ベトナムの2020年のGDP成長率は、前年比で2.91%だった。成長率としては過去10年間で最低だったが、新型コロナウイルスの影響を受けながらも世界的に高い成長を遂げている。

ベトナム統計総局のグエン・ティ・フオン局長は、「ベトナムの成長率が世界最高水準にあるのは、政府の決意とともに、感染防止と経済回復といった2つの課題を効果的に克服した国民や企業の努力のたまものである」と分析した。

内訳では、農林水産分野が2.68%、工業・建設分野は3.98%、サービス分野は2.34%それぞれ成長した。そのうち、製造・加工分野は5.82%、発電・配電分野は3.92%伸びた。GDP構成比率は、農林水産分野が13.5%、工業・建設分野が53%、サービス分野は33.5%だった。

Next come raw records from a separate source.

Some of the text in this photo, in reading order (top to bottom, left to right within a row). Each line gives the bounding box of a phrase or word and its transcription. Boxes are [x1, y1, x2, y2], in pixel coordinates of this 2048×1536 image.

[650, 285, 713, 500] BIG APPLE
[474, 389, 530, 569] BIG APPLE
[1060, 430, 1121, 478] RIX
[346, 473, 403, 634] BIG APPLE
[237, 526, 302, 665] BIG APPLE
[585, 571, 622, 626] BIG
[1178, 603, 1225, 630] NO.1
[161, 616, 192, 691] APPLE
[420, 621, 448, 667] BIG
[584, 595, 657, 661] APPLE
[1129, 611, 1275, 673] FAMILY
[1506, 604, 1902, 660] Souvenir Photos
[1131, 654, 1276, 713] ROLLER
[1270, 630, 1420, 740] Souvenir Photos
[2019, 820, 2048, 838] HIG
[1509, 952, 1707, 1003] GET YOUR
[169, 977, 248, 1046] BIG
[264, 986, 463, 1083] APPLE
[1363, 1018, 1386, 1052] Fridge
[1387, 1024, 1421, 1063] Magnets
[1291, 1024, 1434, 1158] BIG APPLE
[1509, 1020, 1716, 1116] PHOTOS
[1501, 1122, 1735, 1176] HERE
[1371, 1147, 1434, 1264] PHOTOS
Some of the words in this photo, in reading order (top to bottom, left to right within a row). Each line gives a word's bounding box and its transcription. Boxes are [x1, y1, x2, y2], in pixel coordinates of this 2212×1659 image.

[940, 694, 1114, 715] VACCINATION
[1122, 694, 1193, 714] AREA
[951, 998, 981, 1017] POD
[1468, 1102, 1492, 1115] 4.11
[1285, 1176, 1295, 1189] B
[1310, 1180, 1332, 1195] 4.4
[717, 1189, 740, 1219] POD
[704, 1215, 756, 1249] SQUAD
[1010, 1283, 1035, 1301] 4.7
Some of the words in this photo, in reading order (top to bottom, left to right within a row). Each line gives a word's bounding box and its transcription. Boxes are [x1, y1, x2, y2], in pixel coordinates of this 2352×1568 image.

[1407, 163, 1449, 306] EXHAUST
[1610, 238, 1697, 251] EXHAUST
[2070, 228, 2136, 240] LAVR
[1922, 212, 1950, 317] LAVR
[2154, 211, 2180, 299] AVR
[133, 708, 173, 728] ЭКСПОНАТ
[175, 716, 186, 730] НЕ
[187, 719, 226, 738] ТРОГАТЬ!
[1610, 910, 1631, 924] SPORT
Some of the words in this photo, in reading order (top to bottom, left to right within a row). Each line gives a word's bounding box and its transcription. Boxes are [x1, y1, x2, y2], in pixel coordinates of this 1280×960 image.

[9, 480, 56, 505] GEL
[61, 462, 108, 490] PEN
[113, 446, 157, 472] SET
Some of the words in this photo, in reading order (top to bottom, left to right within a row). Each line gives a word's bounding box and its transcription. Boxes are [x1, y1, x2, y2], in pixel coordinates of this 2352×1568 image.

ベトナムは昨年、新型コロナの影響がありながらも、貿易総額は推計5,439億ドル(約56兆円)に達し、前年より5.1%増加した。そのうち輸出額は2,815億ドル(約29兆円)、輸入額は2,624億ドル(約27兆円)で、それぞれ前年比で6.5%、3.6%増えた。その結果、ベトナムの貿易黒字は推計191億ドル(約2兆円)に達し、2016年以来の高水準となった。

労働生産性は、1人当たり1億1790万ドン(約5081ドル、約52万円)と推計され、前年より290ドル(約3万円)アップ。また、公共事業への支出について、国庫からの投資割合は2011年以降で最も高かった。

ベトナムは、経済開放度を高めているため、今後困難や課題に直面する可能性がある。統計総局は、国は企業の貿易・生産活動における課題の克服、景気回復の促進、行政改革の強化、サプライチェーンの寸断を避けるために代替可能な供給元を探す企業への支援に注力すべきだとしている。